Records from a data collection:
◇ ◇ ◇
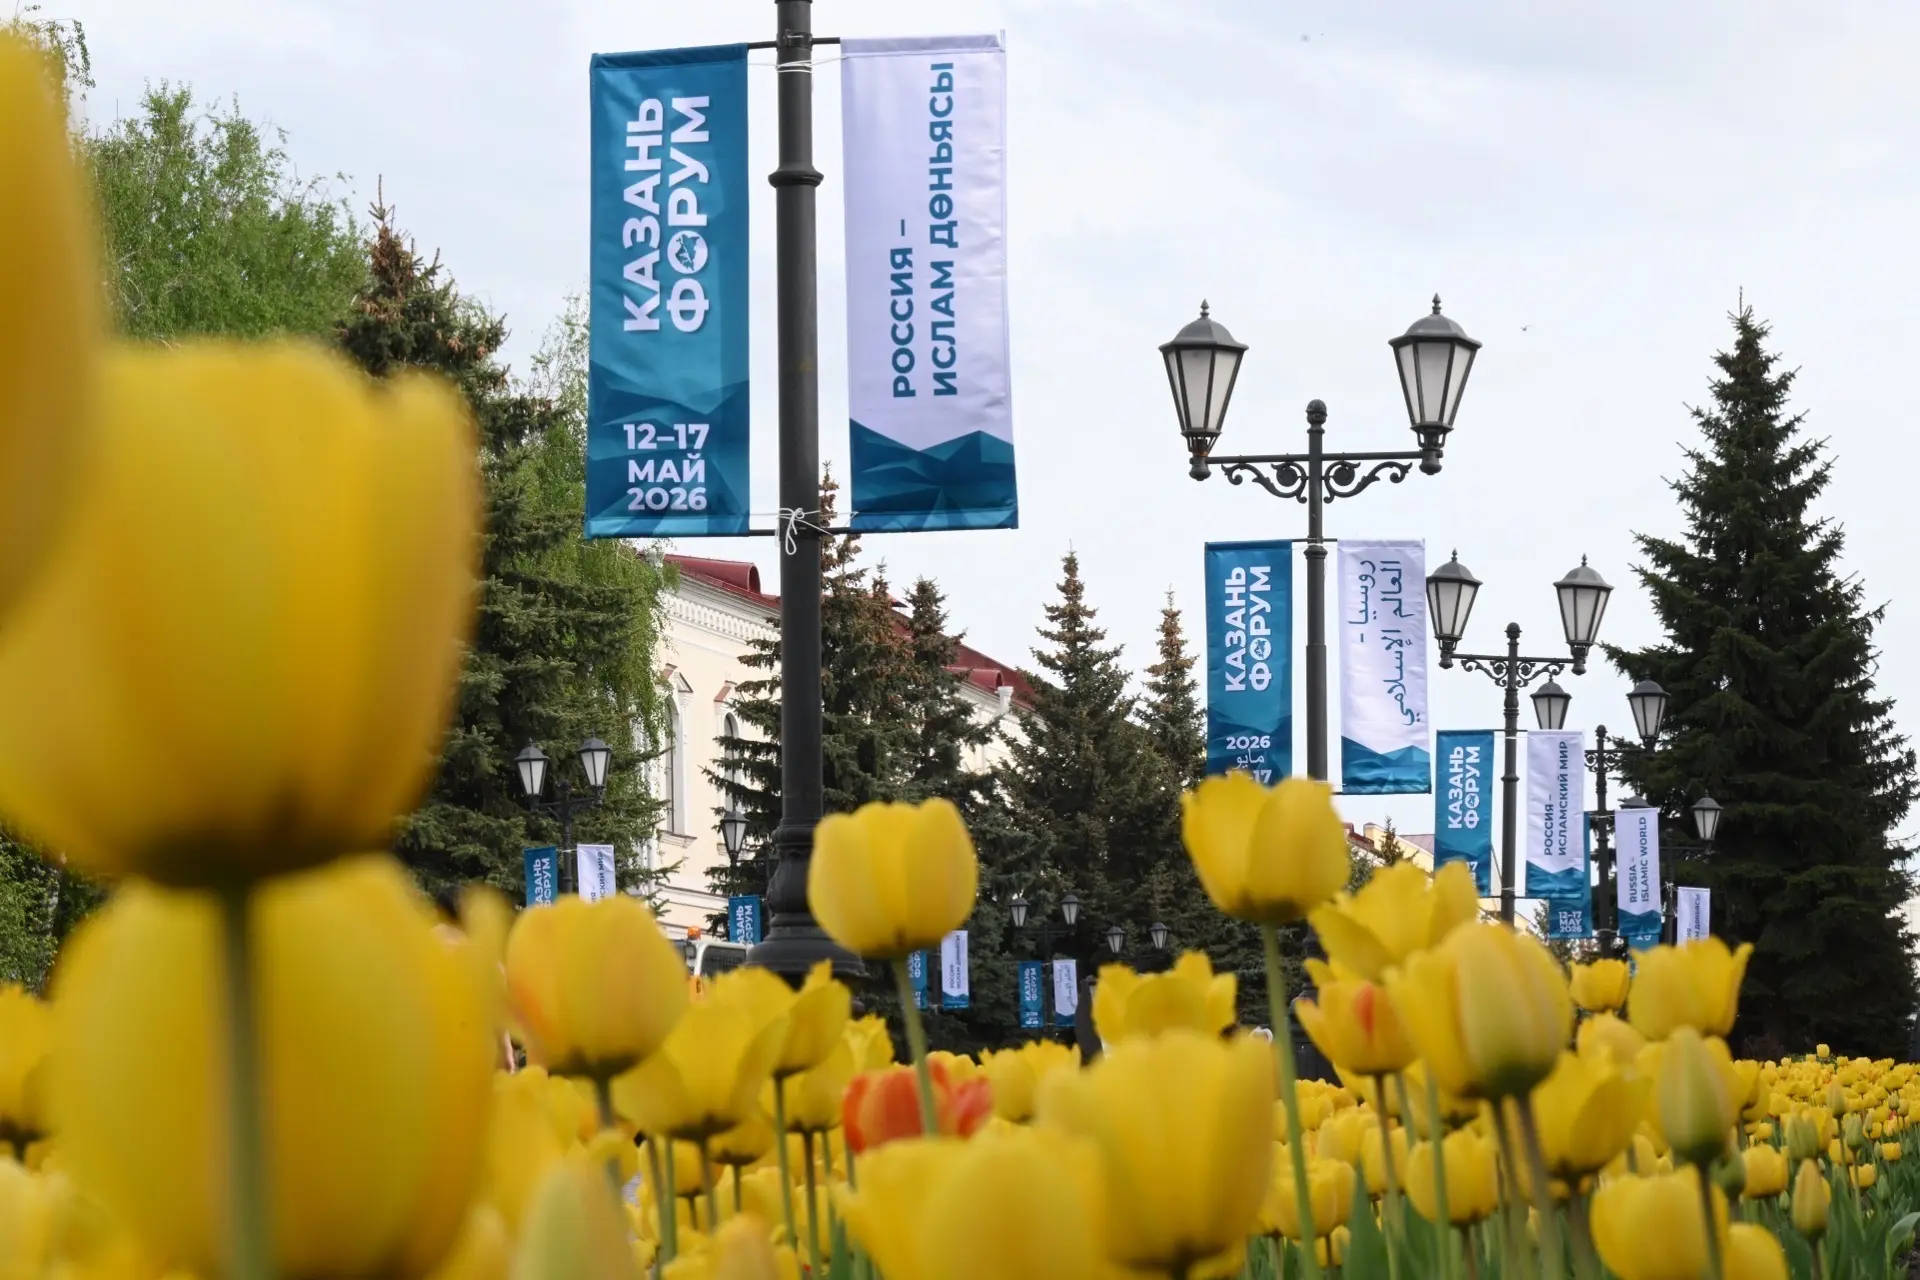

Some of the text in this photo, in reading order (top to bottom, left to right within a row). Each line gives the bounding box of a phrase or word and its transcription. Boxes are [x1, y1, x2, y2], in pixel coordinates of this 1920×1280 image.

[622, 97, 664, 332] КАЗАНЬ
[666, 95, 710, 333] ФОРУМ
[929, 62, 958, 396] ИСЛАМ ДӨНЬЯСЫ
[890, 247, 916, 397] РОССИЯ
[627, 487, 708, 512] 2026
[628, 453, 706, 483] МАЙ
[1225, 567, 1246, 692] КАЗАНЬ
[1249, 566, 1272, 691] ФОРУМ
[1348, 560, 1376, 625] روسيا
[1380, 561, 1421, 726] العالم الإسلامي
[1226, 735, 1271, 749] 2026
[1232, 748, 1265, 769] مايو
[1448, 746, 1464, 829] КАЗАНЬ
[1464, 746, 1481, 829] ФОРУМ
[1558, 741, 1569, 856] ИСЛАМСКИЙ МИР
[1544, 804, 1554, 856] РОССИЯ
[1639, 817, 1650, 902] ISLAMIC WORLD
[736, 905, 745, 945] АЗАНЬ
[1629, 864, 1638, 903] RUSSIA
◇ ◇ ◇
WHAT IS BEING ASKED:
Print each line above exactly as it appears, excluding all images.

FINISHED EXERCISE:
Some of the text in this photo, in reading order (top to bottom, left to right within a row). Each line gives the bounding box of a phrase or word and its transcription. Boxes are [x1, y1, x2, y2], in pixel coordinates of this 1920×1280 image.

[622, 97, 664, 332] КАЗАНЬ
[666, 95, 710, 333] ФОРУМ
[929, 62, 958, 396] ИСЛАМ ДӨНЬЯСЫ
[890, 247, 916, 397] РОССИЯ
[627, 487, 708, 512] 2026
[628, 453, 706, 483] МАЙ
[1225, 567, 1246, 692] КАЗАНЬ
[1249, 566, 1272, 691] ФОРУМ
[1348, 560, 1376, 625] روسيا
[1380, 561, 1421, 726] العالم الإسلامي
[1226, 735, 1271, 749] 2026
[1232, 748, 1265, 769] مايو
[1448, 746, 1464, 829] КАЗАНЬ
[1464, 746, 1481, 829] ФОРУМ
[1558, 741, 1569, 856] ИСЛАМСКИЙ МИР
[1544, 804, 1554, 856] РОССИЯ
[1639, 817, 1650, 902] ISLAMIC WORLD
[736, 905, 745, 945] АЗАНЬ
[1629, 864, 1638, 903] RUSSIA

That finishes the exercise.